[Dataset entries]

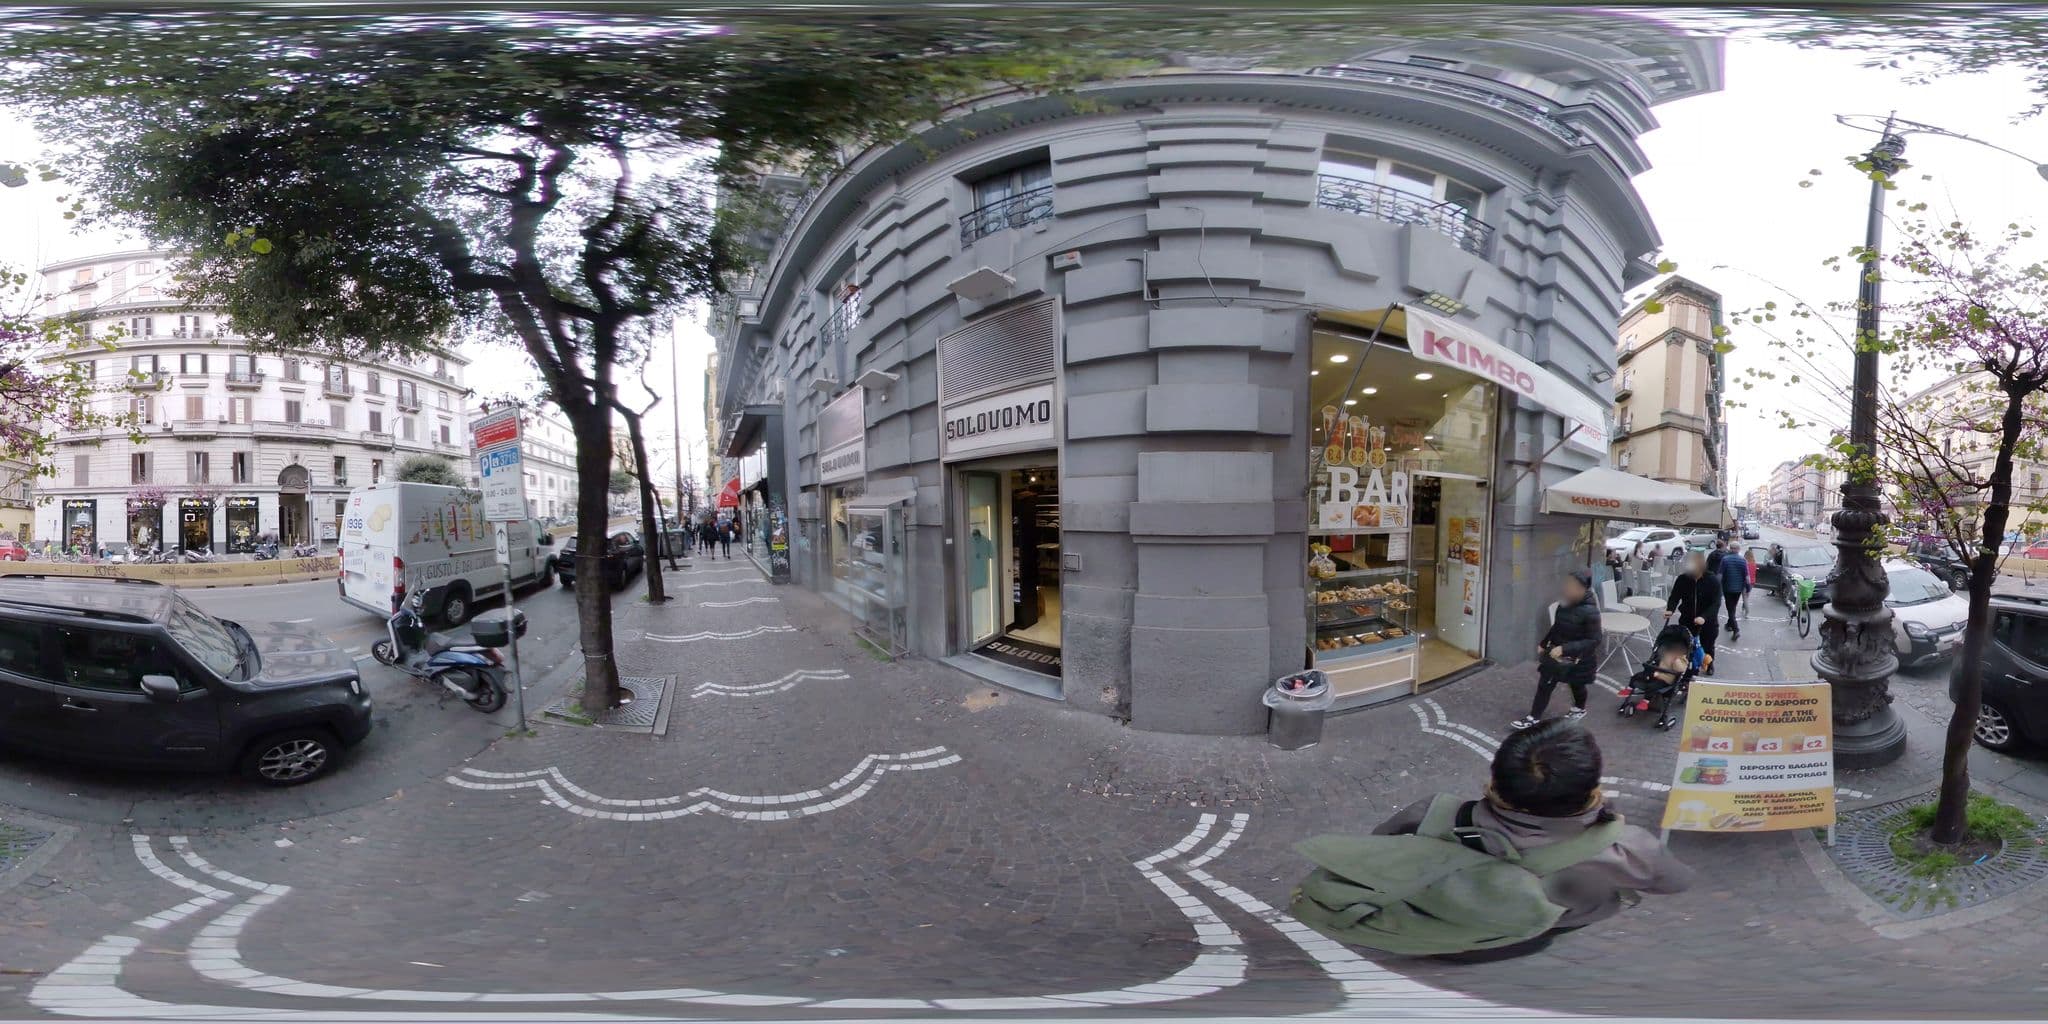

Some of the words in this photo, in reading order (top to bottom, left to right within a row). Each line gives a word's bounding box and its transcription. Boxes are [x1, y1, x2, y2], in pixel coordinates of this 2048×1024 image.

[1423, 330, 1535, 393] KIMBO
[946, 400, 1051, 439] SOLOUOMO
[1327, 466, 1409, 504] BAR
[1571, 496, 1621, 508] KIMBO
[347, 518, 363, 529] 1936
[427, 563, 452, 579] GUSTO
[986, 641, 1062, 666] SOLOUOM
[1765, 698, 1818, 706] D'ASPORTO
[1704, 708, 1744, 717] APEROL
[1699, 715, 1745, 724] COUNTER
[1767, 716, 1817, 724] TAKEAWAY
[1788, 761, 1827, 769] BAGAGLI
[1787, 771, 1827, 779] STORAGE
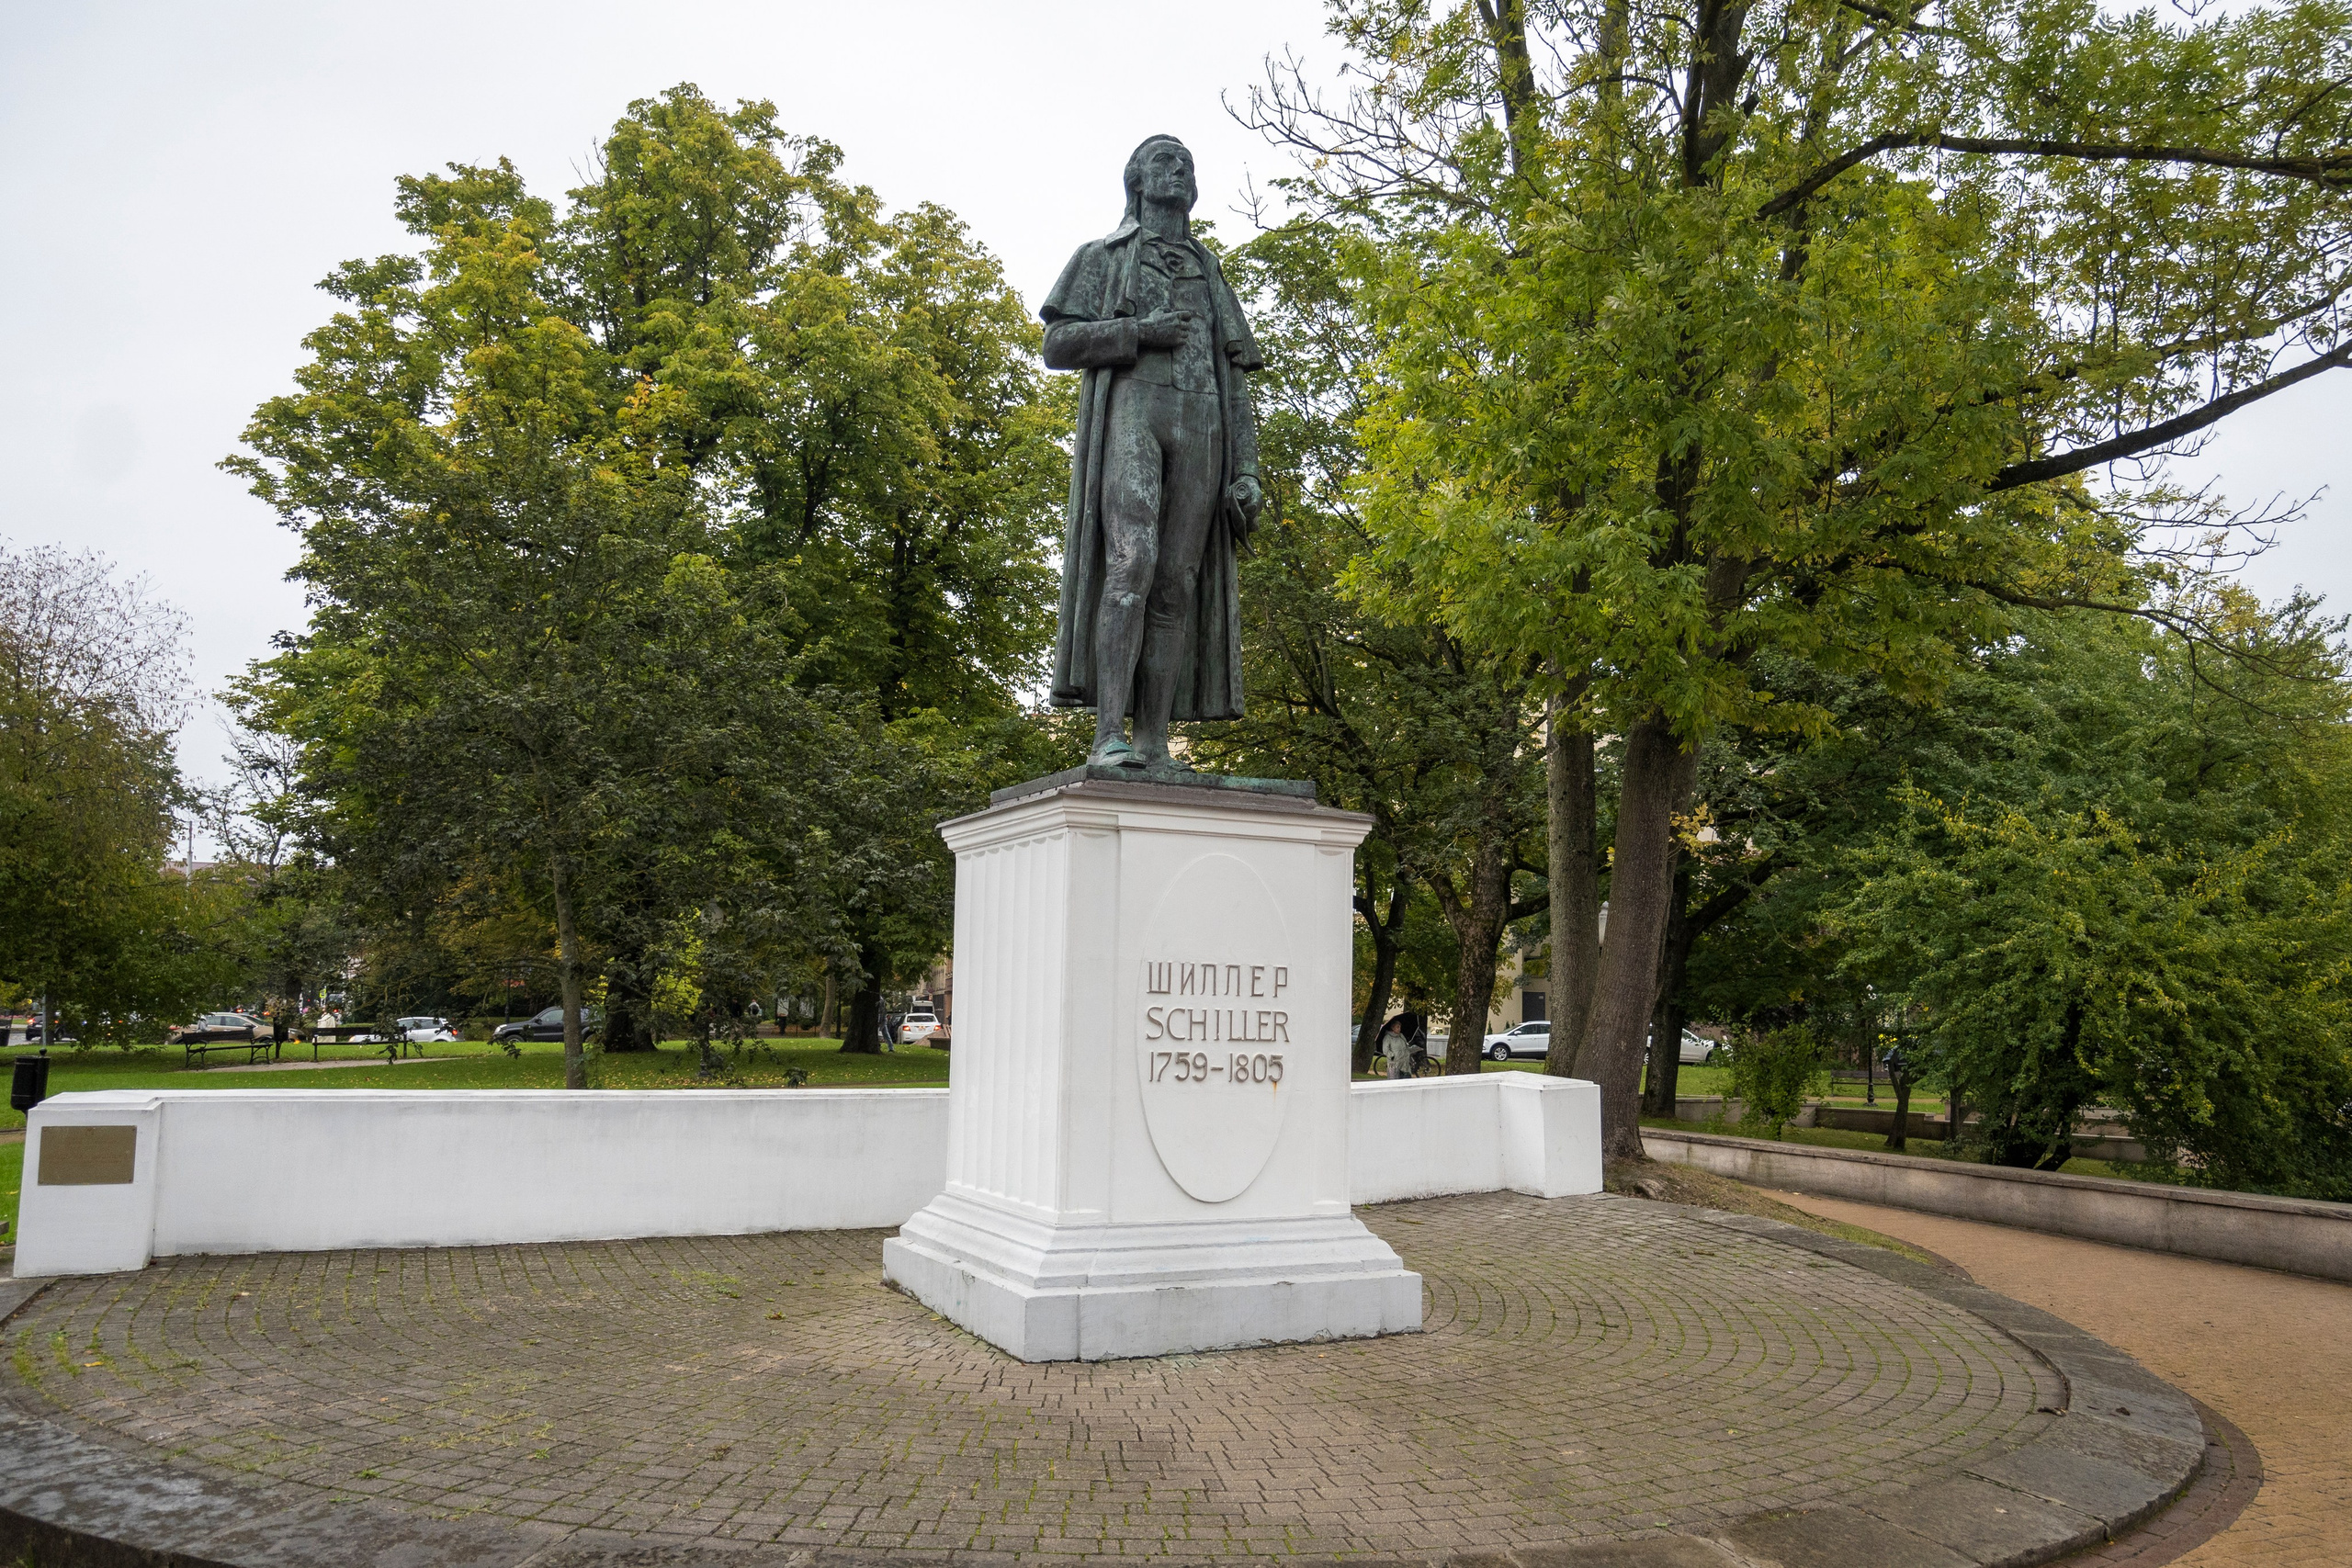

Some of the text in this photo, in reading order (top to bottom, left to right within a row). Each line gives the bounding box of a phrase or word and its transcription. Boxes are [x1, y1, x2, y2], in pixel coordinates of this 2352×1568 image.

[1147, 961, 1288, 998] ШИЛЛЕР
[1146, 1006, 1290, 1043] SCHILLER
[1148, 1051, 1284, 1083] 1759-1805

## [Goal of the exercise]
Write the entries above out again exactly, but not the pictures.

## [Reply to the task]
Some of the words in this photo, in reading order (top to bottom, left to right within a row). Each line gives a word's bounding box and its transcription. Boxes are [x1, y1, x2, y2], in pixel coordinates of this 2048×1024 image.

[1423, 330, 1535, 393] KIMBO
[946, 400, 1051, 439] SOLOUOMO
[1327, 466, 1409, 504] BAR
[1571, 496, 1621, 508] KIMBO
[347, 518, 363, 529] 1936
[427, 563, 452, 579] GUSTO
[986, 641, 1062, 666] SOLOUOM
[1765, 698, 1818, 706] D'ASPORTO
[1704, 708, 1744, 717] APEROL
[1699, 715, 1745, 724] COUNTER
[1767, 716, 1817, 724] TAKEAWAY
[1788, 761, 1827, 769] BAGAGLI
[1787, 771, 1827, 779] STORAGE

Some of the text in this photo, in reading order (top to bottom, left to right within a row). Each line gives the bounding box of a phrase or word and its transcription. Boxes are [x1, y1, x2, y2], in pixel coordinates of this 2352×1568 image.

[1147, 961, 1288, 998] ШИЛЛЕР
[1146, 1006, 1290, 1043] SCHILLER
[1148, 1051, 1284, 1083] 1759-1805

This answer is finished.